Real Story of the Self-Employed : Daily Current Affairs

Date: 05/04/2023

Relevance: GS-3: Indian Economy and issues relating to Planning, Mobilization of Resources, Growth, Development and Employment.

Key Phrases: Self-employment, absence of good quality paid employment, extremely hard to access credit, risks of production, Social Protection, lack of any compensating transfers, Periodic Labour Force Surveys, gender gap in workers' incomes.

Why in News?

  • In India, over half of the workers are self-employed, with a higher proportion of women and in rural areas.
  • In rural areas, it is presumed that it is the dominance of small-scale agriculture that leads to more self-employment, but in fact, self-employed workers are around half of those engaged in non-agricultural employment as well.
  • In urban areas, those working without any defined employer account for around two-fifths of male workers and more than one-third of the proportion of women in some form of paid employment.

Is self-employment a choice?

  • Self-employment in most cases in India (other than in farming, some small family enterprises, and skilled professionals able to work on their own terms) is rarely a choice.
  • It reflects the absence of good quality paid employment, or in extreme situations, the lack of any paid employment at all.

Challenges faced by self-employed workers:

  • Self-employment is typically difficult, risky, and low-paid.
  • Self-employed workers bear all the risks of production, including relative price movements and changes in market conditions.
  • They are also responsible for their own safety at work.
  • They have to deal with a generally oppressive state at different levels and often pay extra to local officials simply to function.
  • Small and micro enterprises usually also find it extremely hard to access credit and have to procure inputs on less favourable terms.
  • The incomes they earn from their work are absolutely critical in ensuring anything close to a minimally decent existence.
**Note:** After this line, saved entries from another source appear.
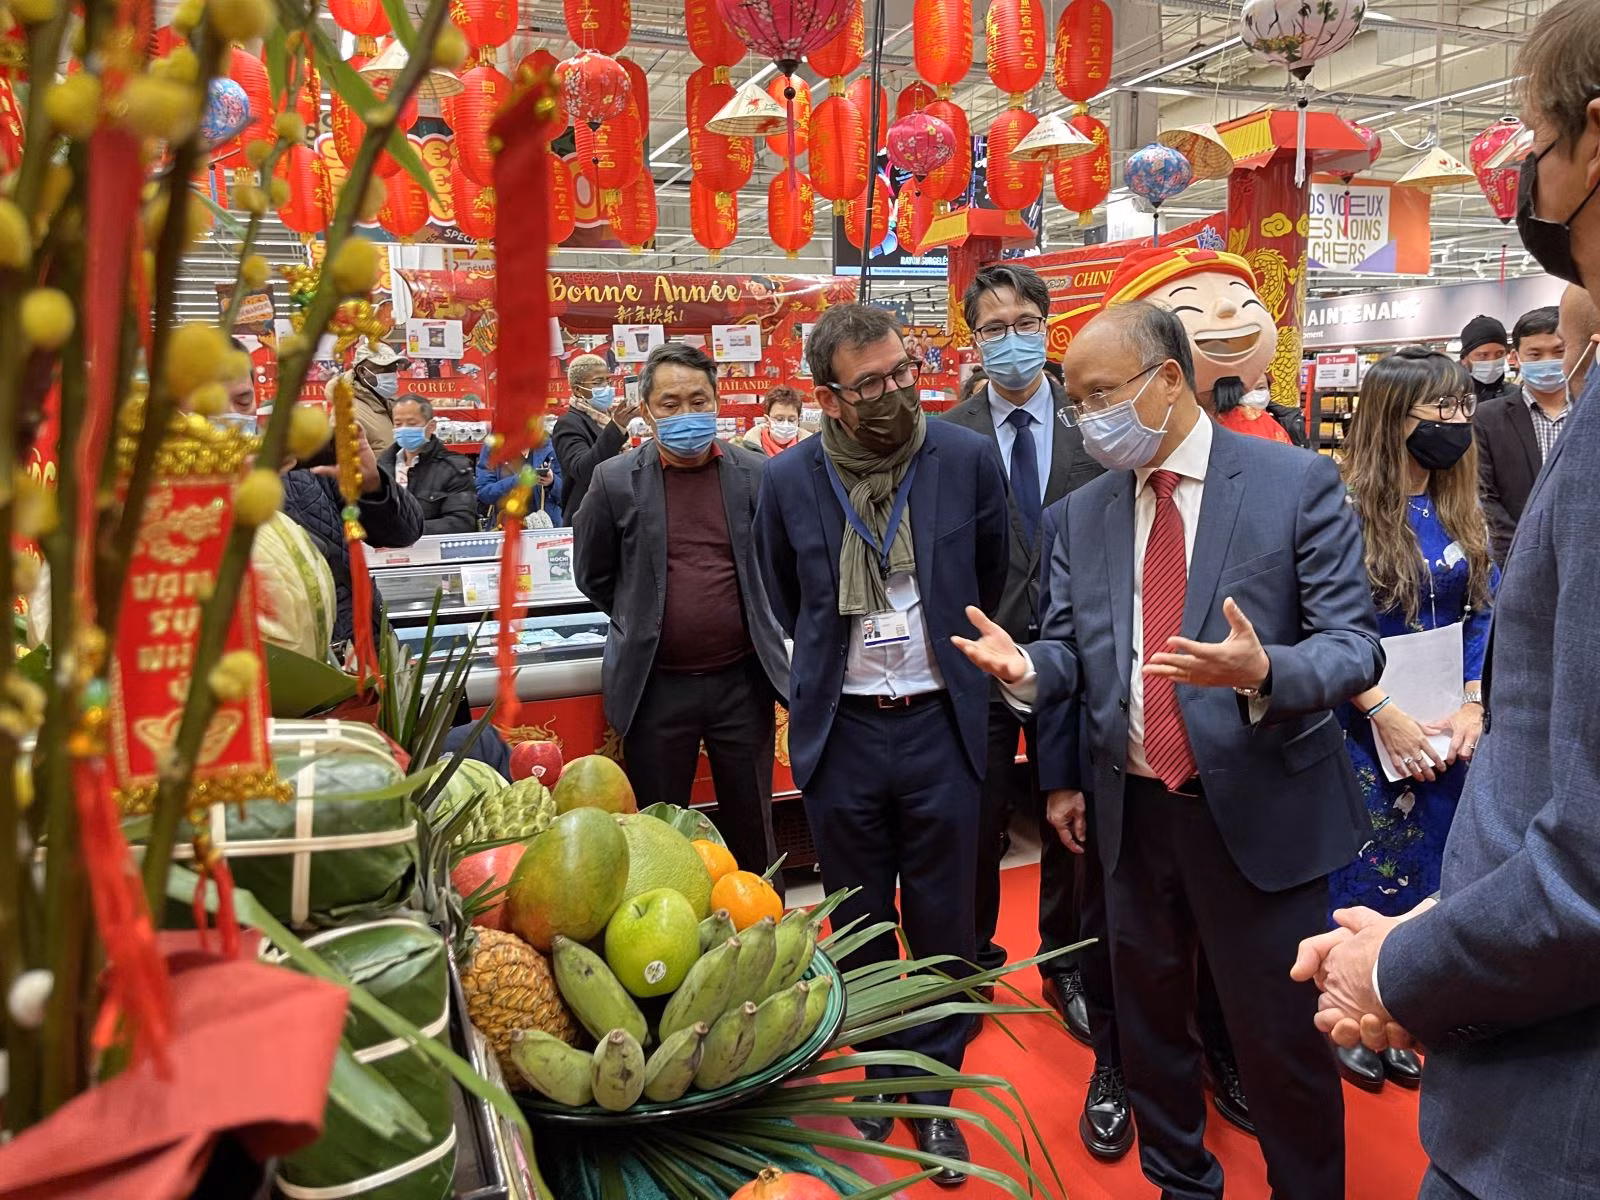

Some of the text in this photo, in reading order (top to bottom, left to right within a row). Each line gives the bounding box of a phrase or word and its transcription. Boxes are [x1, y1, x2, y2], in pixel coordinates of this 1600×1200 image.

[1309, 193, 1325, 215] OS
[1308, 218, 1332, 239] ES
[1312, 242, 1366, 264] CHERS
[549, 274, 742, 302] Bonne Année
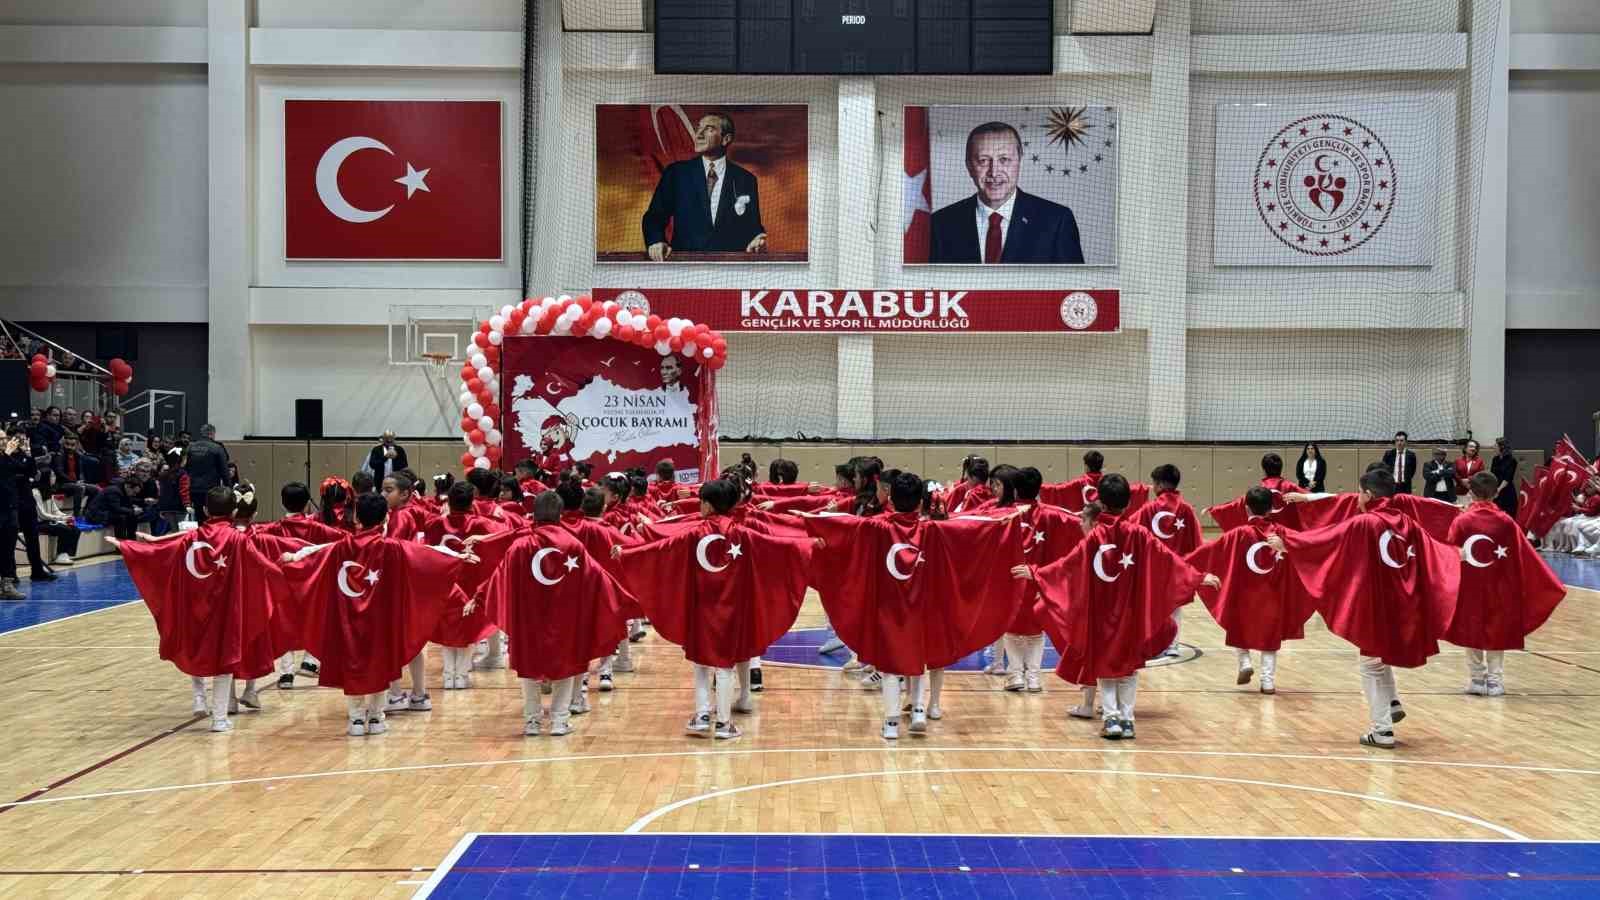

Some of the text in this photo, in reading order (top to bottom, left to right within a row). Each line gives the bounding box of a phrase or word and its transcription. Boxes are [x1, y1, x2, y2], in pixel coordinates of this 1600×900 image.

[841, 15, 866, 25] PERIOD
[1351, 151, 1362, 162] VE
[1358, 162, 1371, 185] SPOR
[740, 290, 969, 317] KARABÜK
[741, 317, 970, 330] GENÇLİK VE SPOR İL MÜDÜRLÜĞÜ
[604, 394, 666, 408] 23 NİSAN
[582, 416, 688, 430] ÇOCUK BAYRAMI
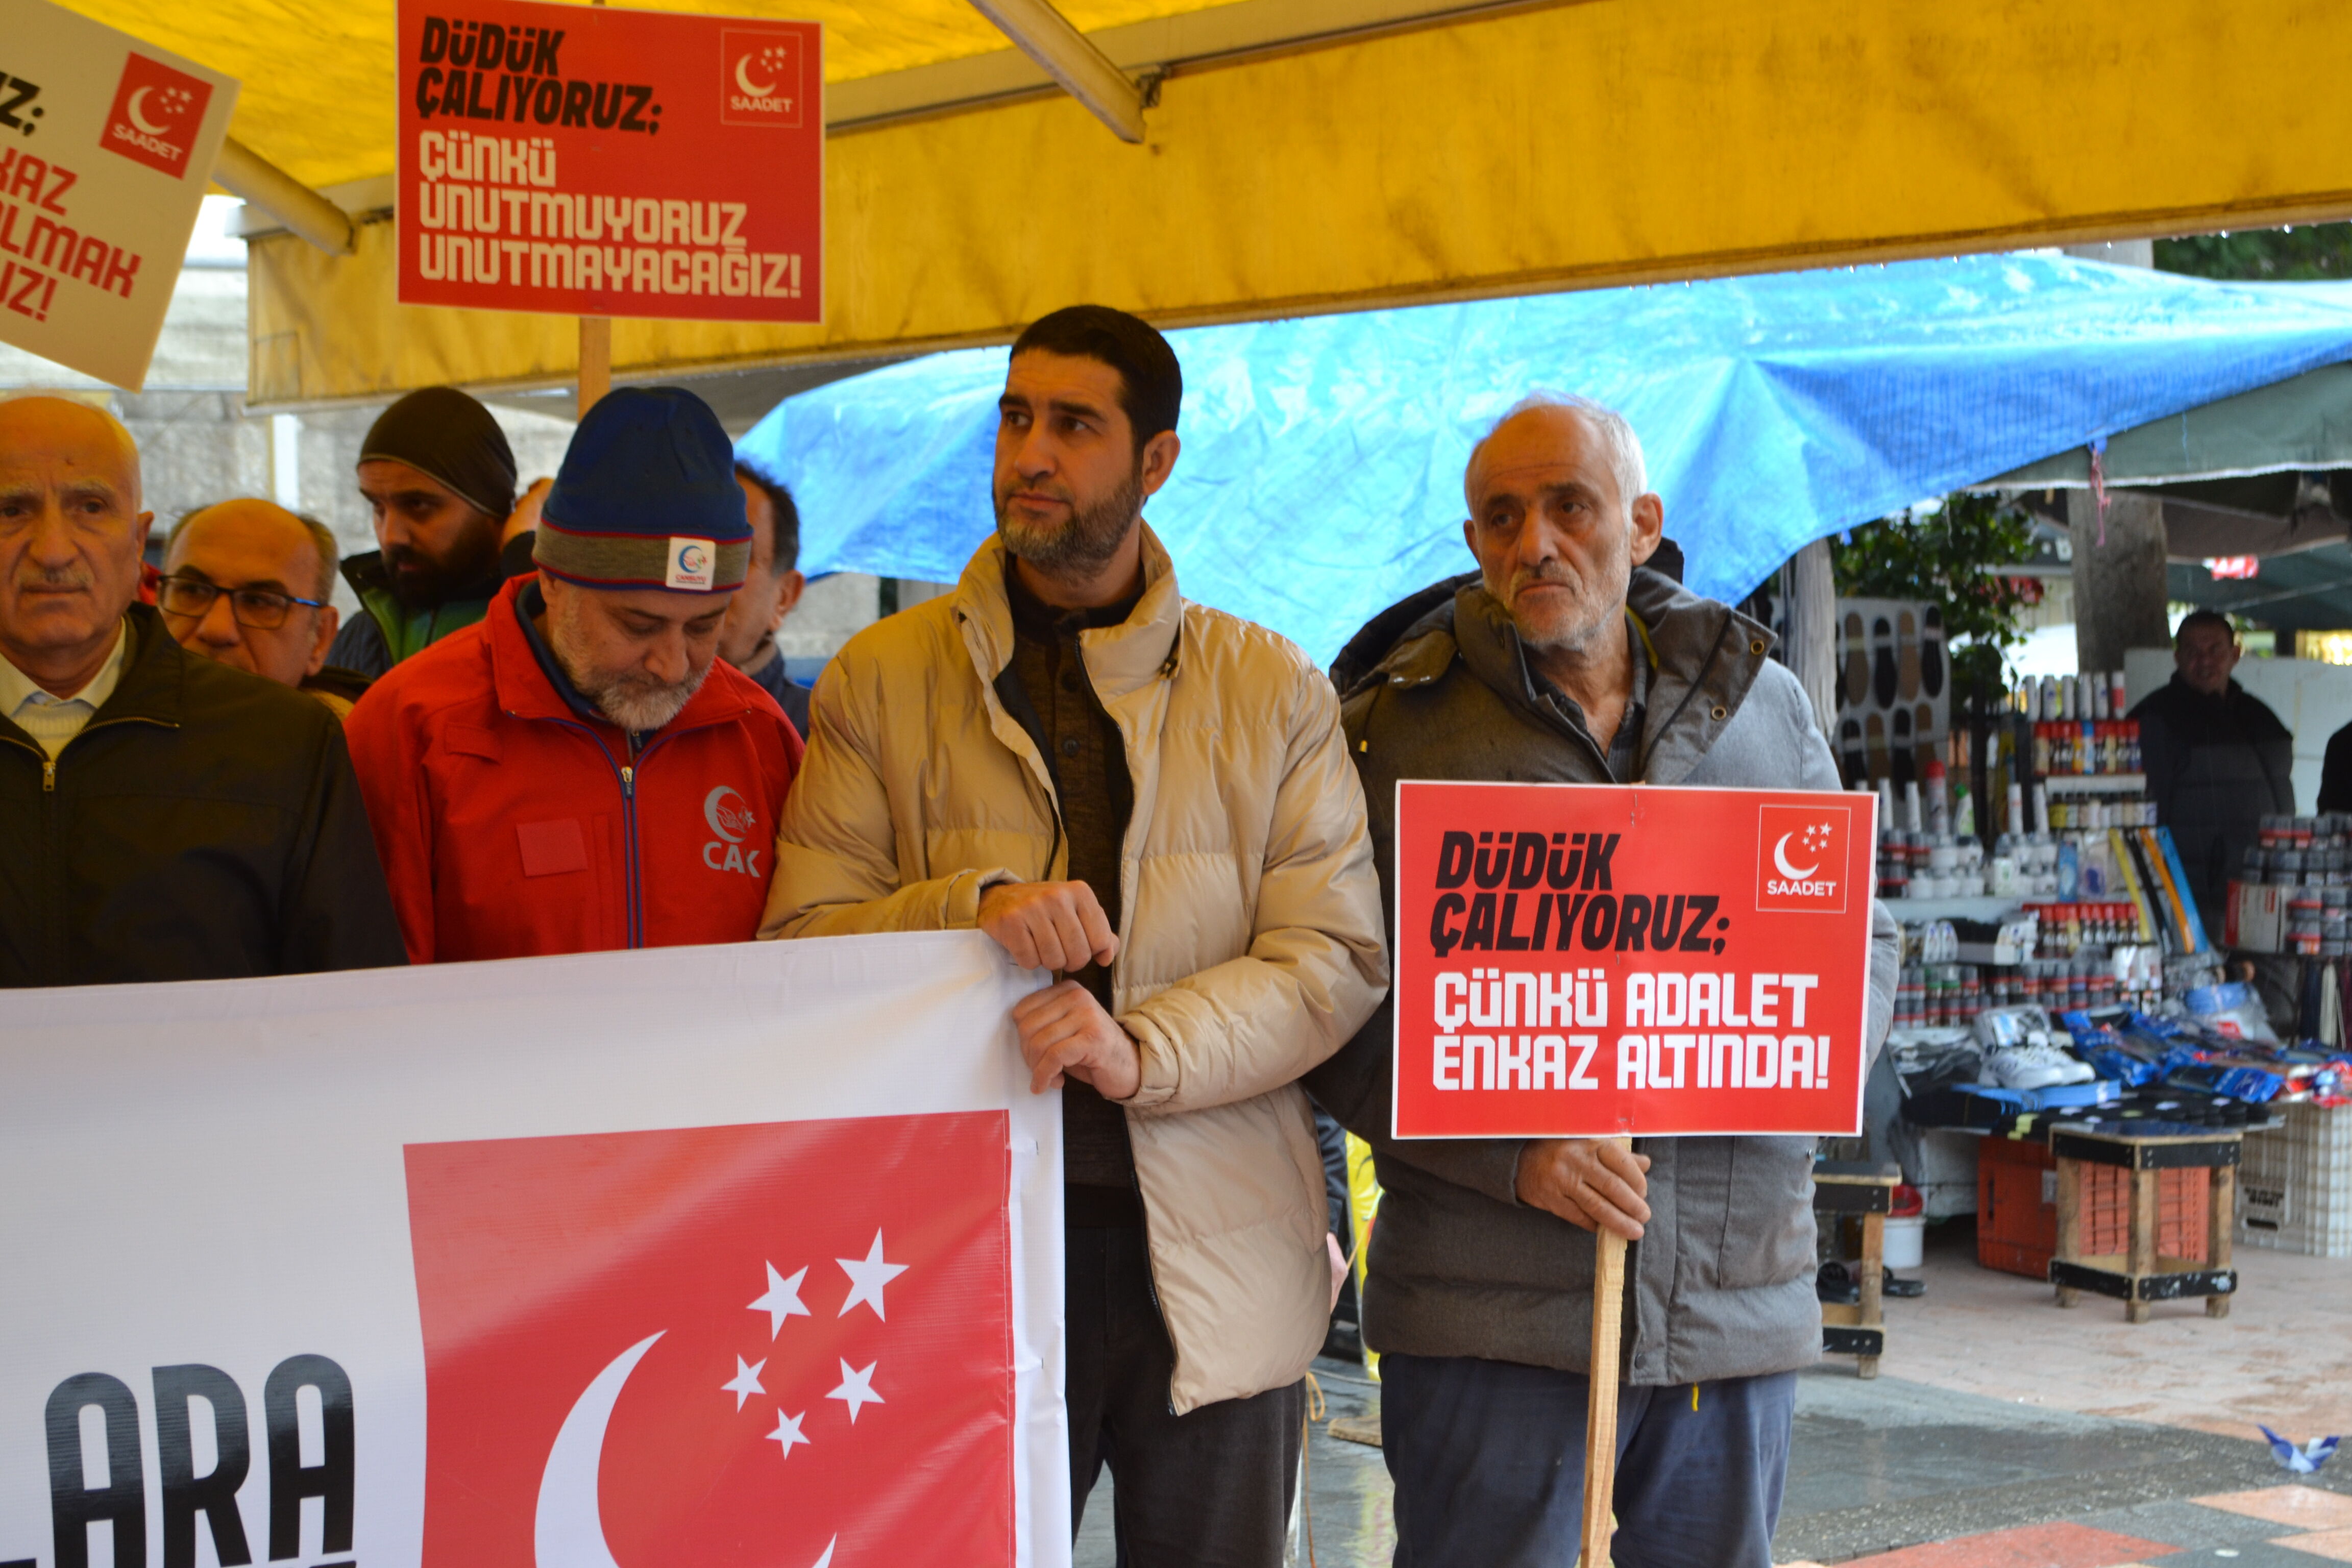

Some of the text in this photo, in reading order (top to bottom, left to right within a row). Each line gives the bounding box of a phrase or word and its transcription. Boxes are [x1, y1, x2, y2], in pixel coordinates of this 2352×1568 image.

[419, 16, 566, 77] DÜDÜK
[0, 70, 45, 136] Z;
[415, 67, 663, 136] ÇALIYORUZ;
[730, 95, 793, 113] SAADET
[112, 123, 184, 162] SAADET
[420, 130, 557, 187] ÇÜNKÜ
[420, 181, 748, 248] UNUTMUYORUZ
[420, 233, 802, 299] UNUTMAYACAĞIZ!
[1434, 831, 1622, 891] DÜDÜK
[1767, 879, 1837, 897] SAADET
[1429, 893, 1730, 958] ÇALIYORUZ;
[1434, 968, 1820, 1033] ÇÜNKÜ ADALET
[1433, 1034, 1831, 1091] ENKAZ ALTINDA!
[0, 1354, 355, 1568] ARA
Yet remuneration from self-employment, on average, tends to be even lower than that from salaried or wage employment.

Lack of Social Protection:

  • As became particularly evident during the Covid-19 pandemic, they also lack any form of social protection, other than various “universal” provisions provided by governments at the Central and State levels.
  • The most obvious protection is for those covered under the National Food Security Act, who received some free food rations - but even this did not cover tens of millions of such workers and their families.
  • The lack of any compensating transfers from governments during the period of huge social and economic upheaval and distress was therefore especially devastating for self-employed workers.

Falling remuneration:

  • The declining remuneration from self-employment has become a significant concern.
  • The real wages of self-employed workers have not only stagnated but also declined in the last three years.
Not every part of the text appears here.